Second, remember that if you want to fly past blockers, you have to give Morphling flying before blockers are declared.
Third, remember that Morphling untaps, so attack with it and untap it when you need a blocker.
Fourth, turn Morphling into a 5/1 for a faster kill or to kill a larger creature. The latter is done by using the reverse ability and pumping the Morphling's toughness after damage is assigned. The Morphling will deal damage based on its original power, but damage will be applied to its new toughness. Thus, to kill a Juzam Djinn, one only has to spend two mana to turn the Morphling into a 5/1, assign damage, then spend five mana to turn it into a 0/6.
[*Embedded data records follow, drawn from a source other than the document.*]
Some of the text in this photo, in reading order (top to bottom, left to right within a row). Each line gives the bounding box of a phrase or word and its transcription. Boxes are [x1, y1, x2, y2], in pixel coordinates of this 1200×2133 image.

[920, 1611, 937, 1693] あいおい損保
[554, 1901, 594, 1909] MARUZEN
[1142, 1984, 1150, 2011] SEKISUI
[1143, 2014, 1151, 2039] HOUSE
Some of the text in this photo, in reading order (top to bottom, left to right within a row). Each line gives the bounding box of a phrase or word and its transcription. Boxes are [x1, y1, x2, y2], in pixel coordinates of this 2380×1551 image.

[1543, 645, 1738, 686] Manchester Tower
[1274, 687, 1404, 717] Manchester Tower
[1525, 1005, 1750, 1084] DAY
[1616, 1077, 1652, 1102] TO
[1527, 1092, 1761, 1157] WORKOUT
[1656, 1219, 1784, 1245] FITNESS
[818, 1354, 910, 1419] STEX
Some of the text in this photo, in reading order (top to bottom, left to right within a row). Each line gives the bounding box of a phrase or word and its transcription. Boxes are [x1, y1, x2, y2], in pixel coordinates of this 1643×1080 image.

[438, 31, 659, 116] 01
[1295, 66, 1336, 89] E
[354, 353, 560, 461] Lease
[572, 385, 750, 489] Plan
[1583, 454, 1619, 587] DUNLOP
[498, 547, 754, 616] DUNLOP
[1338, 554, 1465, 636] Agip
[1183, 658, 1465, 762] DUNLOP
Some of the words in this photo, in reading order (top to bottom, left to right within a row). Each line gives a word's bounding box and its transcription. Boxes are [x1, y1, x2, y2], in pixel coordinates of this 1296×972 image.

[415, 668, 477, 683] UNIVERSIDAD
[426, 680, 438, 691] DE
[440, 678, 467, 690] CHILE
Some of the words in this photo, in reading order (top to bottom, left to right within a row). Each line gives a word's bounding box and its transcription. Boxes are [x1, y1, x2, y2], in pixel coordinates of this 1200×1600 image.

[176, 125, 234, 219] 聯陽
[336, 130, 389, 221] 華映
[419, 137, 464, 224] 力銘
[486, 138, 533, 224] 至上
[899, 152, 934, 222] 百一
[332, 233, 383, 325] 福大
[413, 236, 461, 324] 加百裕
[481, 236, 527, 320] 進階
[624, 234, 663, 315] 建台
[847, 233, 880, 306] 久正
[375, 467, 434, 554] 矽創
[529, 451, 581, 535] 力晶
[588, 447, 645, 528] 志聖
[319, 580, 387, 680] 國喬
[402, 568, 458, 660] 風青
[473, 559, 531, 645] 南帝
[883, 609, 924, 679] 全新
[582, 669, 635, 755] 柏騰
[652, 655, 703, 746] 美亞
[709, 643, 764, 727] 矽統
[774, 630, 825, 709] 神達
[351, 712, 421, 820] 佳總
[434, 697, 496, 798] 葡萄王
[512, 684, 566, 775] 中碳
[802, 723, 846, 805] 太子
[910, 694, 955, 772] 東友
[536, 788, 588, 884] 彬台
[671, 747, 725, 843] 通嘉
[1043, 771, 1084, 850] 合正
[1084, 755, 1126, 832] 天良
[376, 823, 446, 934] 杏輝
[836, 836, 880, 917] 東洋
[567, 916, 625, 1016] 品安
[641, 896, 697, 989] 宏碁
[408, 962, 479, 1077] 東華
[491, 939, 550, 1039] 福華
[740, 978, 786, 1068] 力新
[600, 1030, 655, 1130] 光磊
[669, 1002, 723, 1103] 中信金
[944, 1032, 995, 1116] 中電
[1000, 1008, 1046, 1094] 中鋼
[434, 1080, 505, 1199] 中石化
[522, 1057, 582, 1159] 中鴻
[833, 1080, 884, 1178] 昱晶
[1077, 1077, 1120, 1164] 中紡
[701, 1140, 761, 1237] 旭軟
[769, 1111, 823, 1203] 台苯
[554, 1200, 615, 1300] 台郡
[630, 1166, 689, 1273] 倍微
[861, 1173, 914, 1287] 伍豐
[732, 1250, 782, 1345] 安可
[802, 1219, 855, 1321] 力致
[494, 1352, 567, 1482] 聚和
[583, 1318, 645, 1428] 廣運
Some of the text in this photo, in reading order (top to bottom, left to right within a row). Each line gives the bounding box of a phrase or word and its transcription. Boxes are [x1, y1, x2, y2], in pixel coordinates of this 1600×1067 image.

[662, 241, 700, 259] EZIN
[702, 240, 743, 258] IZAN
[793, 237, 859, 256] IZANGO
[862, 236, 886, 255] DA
Finally, against "power" Type I decks, remember that Morphling gets past both Moat and The Abyss, but dies to Balance and Diabolic Edict as these are sacrifices and are not targeted.
Aside from Library of Alexandria, there is no land stronger in Draw-Go than Thawing Glaciers. It gives you the mana to win the counter war and thins your deck, improving your draws.
Mishra's Factory is a classic utility land, and gives a backup win option as well as a powerful early blocker (remember that in Sixth, tapped blockers deal damage but a Mishra's Factory just played still cannot tap itself and give itself +1/+1). Against an opposing counter deck, remember that Mishra's Factory is uncounterable. One must choose when playing one's first land, however, as playing Mishra's Factory in the first turn will remove its summoning sickness for the next turn but disallows you from playing Counterspell.
Faerie Conclave and Stalking Stones are other alternatives. If you like man-lands, you will also probably enjoy Trade Routes which turns them into Blinking Spirits.
Land destruction is necessary in any deck and especially against opposing man-lands that cannot be countered. Dust Bowl was added to supplement the deck because Draw-Go plays long games where the Bowl's ability can come into play, and it can be fueled by Thawing Glaciers.
Remote Isle is a good Type II choice as it can be cycled if drawn late, but note that Thawing Glaciers is more powerful.
Finally, some old decklists contained Quicksand as a creature removal spell in place of Mishra's Factory. It has to be sacrificed and stunts your development, however. If you like this, my personal favorite is the Desert of Arabian Nights.